Medium in oil paint is used to give the paint different properties, make it dry faster or slower, make it flow more, make it shinier, tackier, thinner, thicker, there are so many things that it does and depending on whether you choose a student or artist grade paint that will influence which medium you choose or even whether you use a medium at all. It is not necessary that you try mediums when starting out with oils.
[ Here ] is an inexpensive sample pack of some of the most commonly used mediums and one solvent, all in a convenient little pouch. I will demo and explain in class what each one of these is used for, when and why you would want to use them.

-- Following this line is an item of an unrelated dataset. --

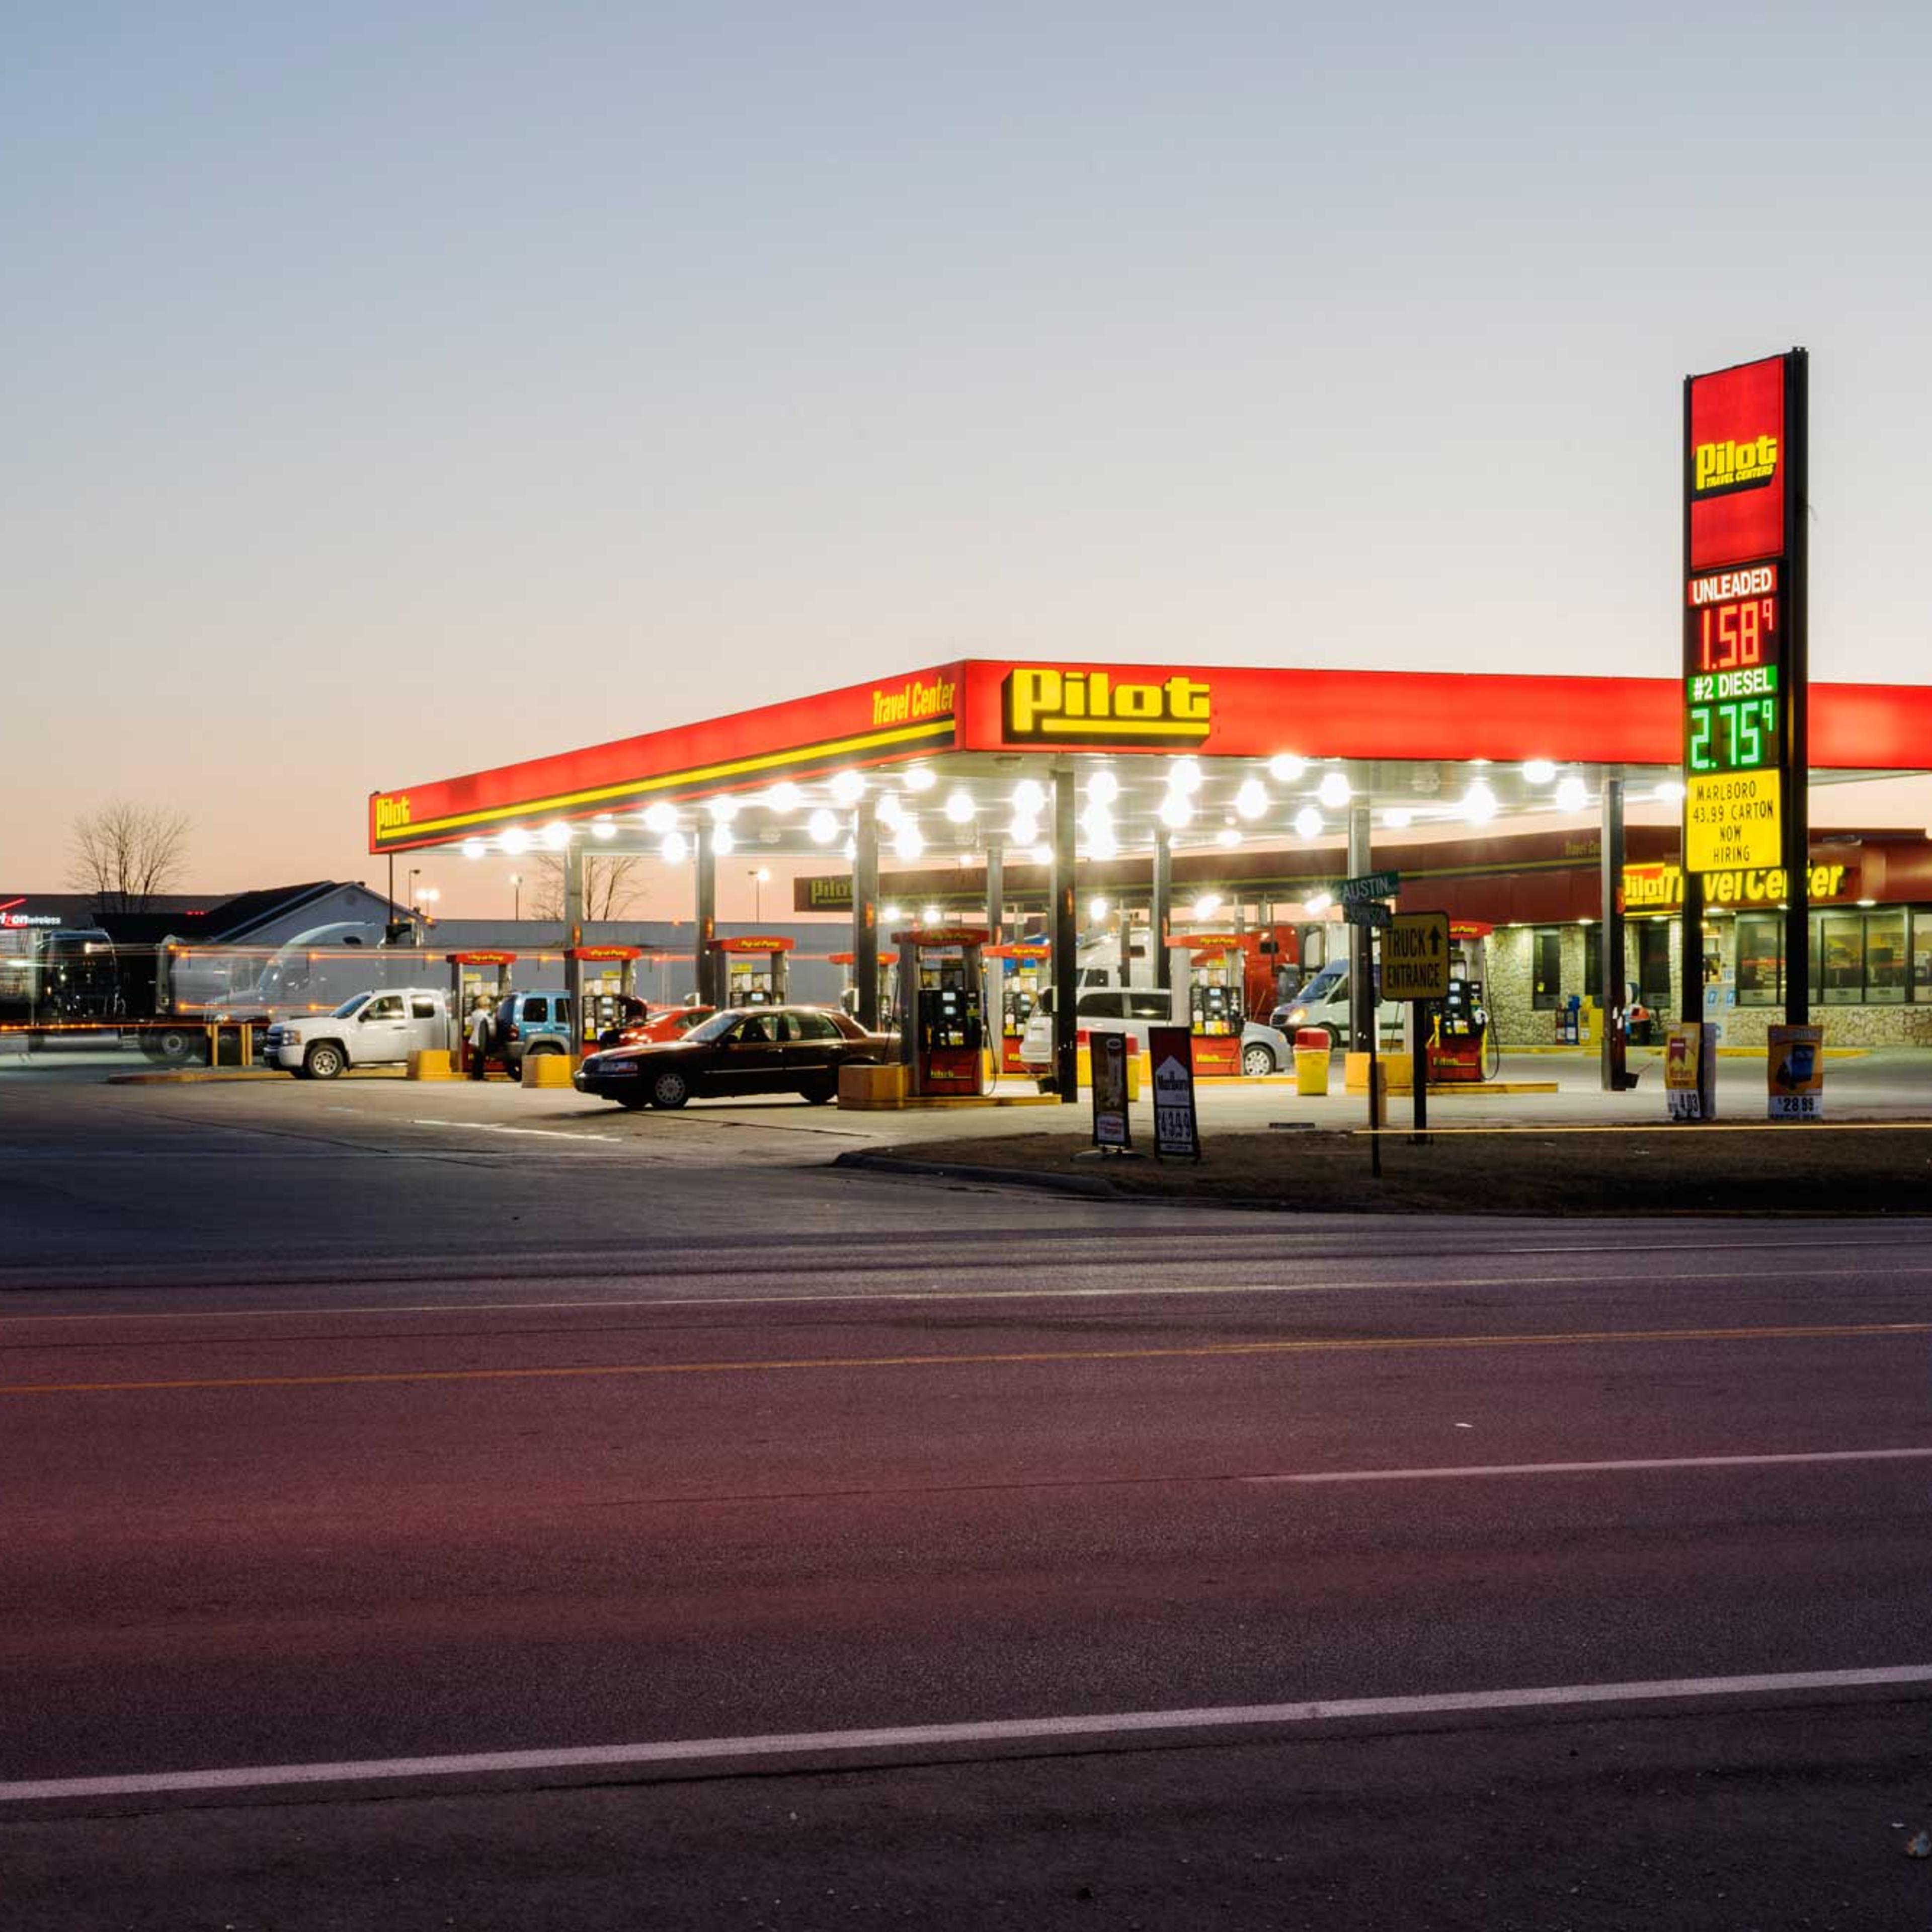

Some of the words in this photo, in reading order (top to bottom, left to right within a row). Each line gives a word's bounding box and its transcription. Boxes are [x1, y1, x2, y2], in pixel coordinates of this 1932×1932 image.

These are such handy little things for putting a couple of drops of medium or solvent on your palette or into your palette cups. When I discovered them I wondered how I ever lived without them. [ here ]
Save old jelly jars to clean brushes in before you wash them. Fill one jar 1/3 to 1/2 with solvent (OMS), after a few uses you'll notice that the pigment from the paint settles to the bottom of the jar but the OMS is clean. Carefully pour the clean OMS into another clean jar and scoop out the paint sludge with a paper towel and discard. Occasionally you'll have to add a bit more OMS. Keep doing this back and forth between the two jars. Keep caps on them. Just because it's odorless doesn't mean it's non-toxic. It means it's less toxic than regular mineral spirits (probably?)
They also make nice ones you can buy too [ here ] I prefer this one because the one with the coil kept grabbing my bristles and pulling them out. Go easy with this grate too, let the solvent do the work. And bonus, Bob Ross' face makes me smile like, every day!
TOXIN FREE STUDIO
This is something that's very important to me. Here are some things I've found to make your oil painting studio less toxic [ here ] I use this [ here ] as a fluid medium to thin paints and speed drying. I use Gamblin's safflower oil to clean brushes sometimes. I try to avoid overusing solvents like Gamsol. I find I am a bit sensitive to it even though it is odorless and better than turpentine it is by no means "nontoxic". I use Gamsol when I'm doing an underpainting because I haven't found a substitute that works for me but I turn on a fan and wear a mask. It does give me a slight head ache if I don't.
It is possible with care to have a safer, non-toxic oil painting studio. Chelsea Classical Studios also offers a wonderful non-toxic suite of products and a nice little sample kit of their mediums and solvents. I use their walnut oil probably more than any other medium to add fluidity to my paints.
This is something we'll cover in class when it comes up but I thought I'd put it down here too. Definitely not something you need in advance but... Have you ever had the black and darker areas of your painting get very dull or "sink in" after your painting dries? Sometimes the black areas are much duller than the other areas of the painting. And then when you try to varnish the painting the finish doesn't come up evenly?
That's one of the many uses of retouch varnish, to even up those sunken in areas before we varnish. One of my favorite retouch varnishes is Chelsea Classical Studios Lavender Retouch Varnish. Cuz for one it smells like lavender! And for another it's just a great retouch varnish!